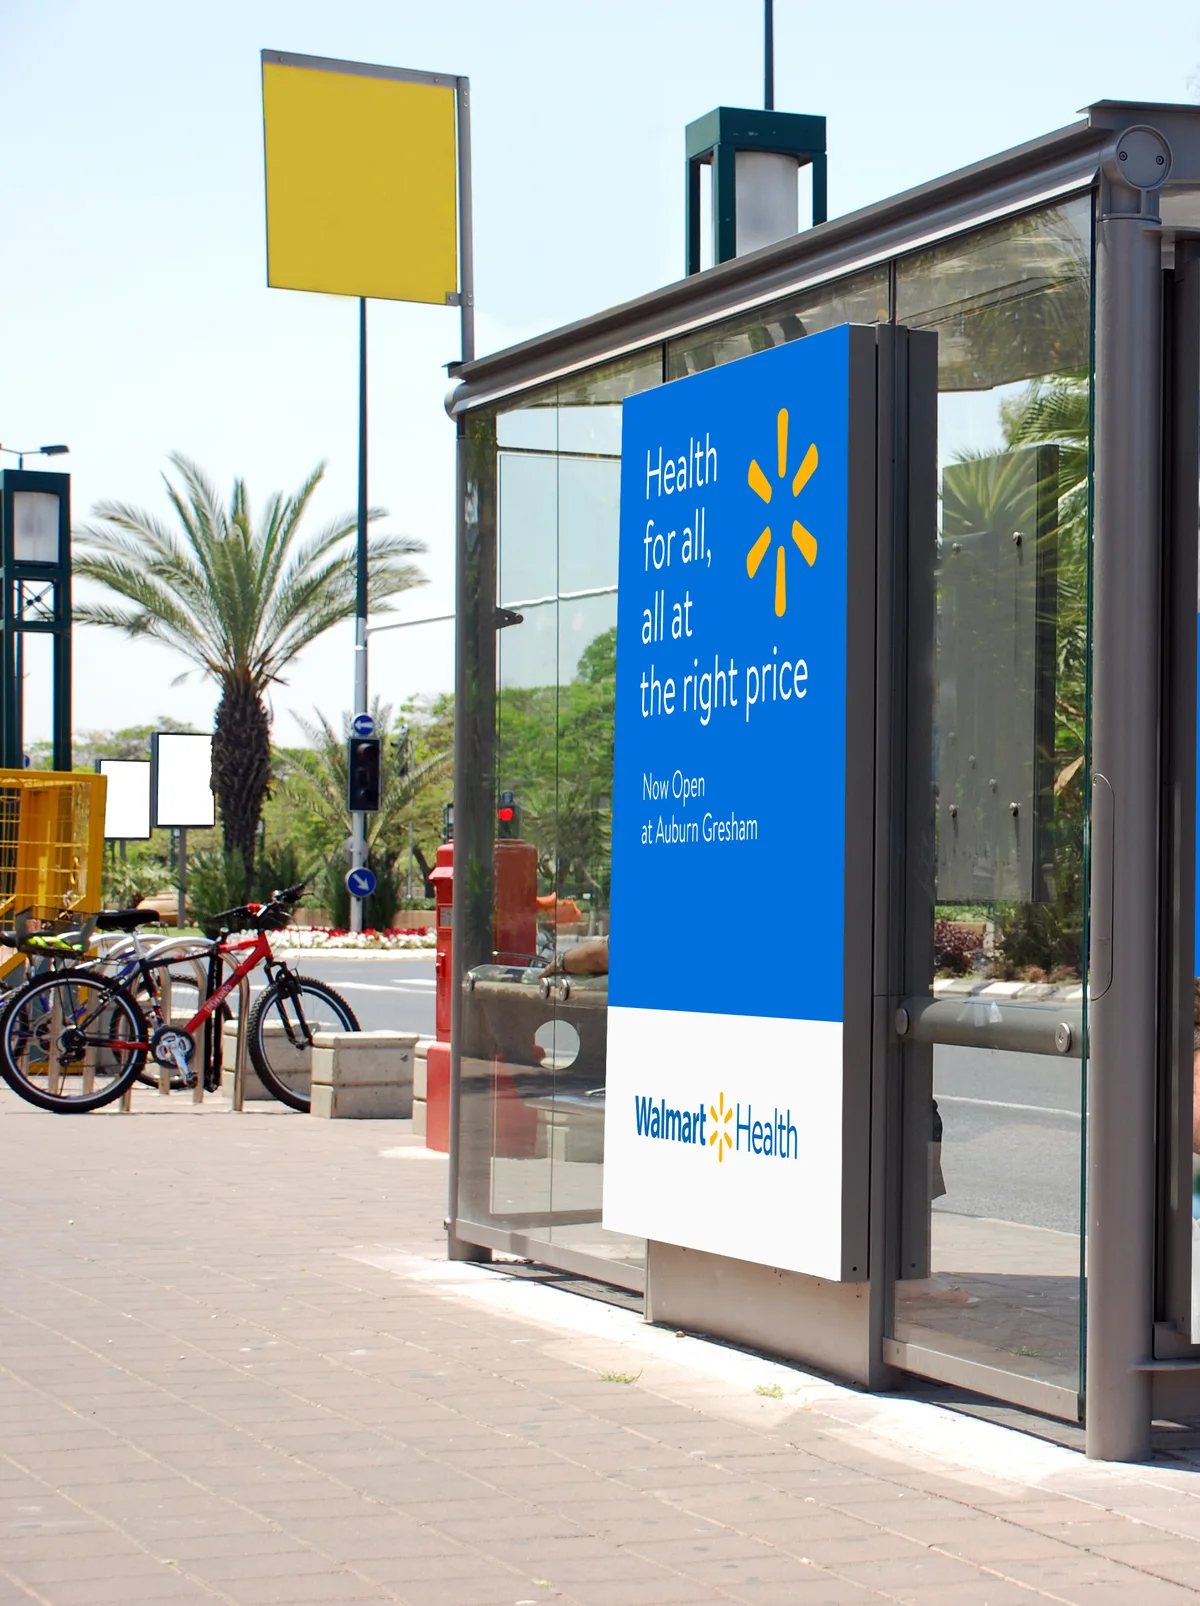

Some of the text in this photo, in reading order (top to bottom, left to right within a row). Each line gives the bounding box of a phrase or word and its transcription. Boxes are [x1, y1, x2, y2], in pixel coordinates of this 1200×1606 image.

[646, 432, 717, 500] Health
[643, 506, 712, 572] for all,
[641, 589, 693, 645] all at
[639, 645, 809, 726] the right price
[642, 769, 705, 807] Now Open
[641, 811, 758, 845] at Auburn Gresham
[634, 1095, 798, 1160] Walmart Health

> [EXERCISE GOAL] Reproduce the whole listing verbatim. Pictures stay out of the copy.

> [ANSWER BOX]
Some of the text in this photo, in reading order (top to bottom, left to right within a row). Each line gives the bounding box of a phrase or word and its transcription. Boxes are [x1, y1, x2, y2], in pixel coordinates of this 1200×1606 image.

[646, 432, 717, 500] Health
[643, 506, 712, 572] for all,
[641, 589, 693, 645] all at
[639, 645, 809, 726] the right price
[642, 769, 705, 807] Now Open
[641, 811, 758, 845] at Auburn Gresham
[634, 1095, 798, 1160] Walmart Health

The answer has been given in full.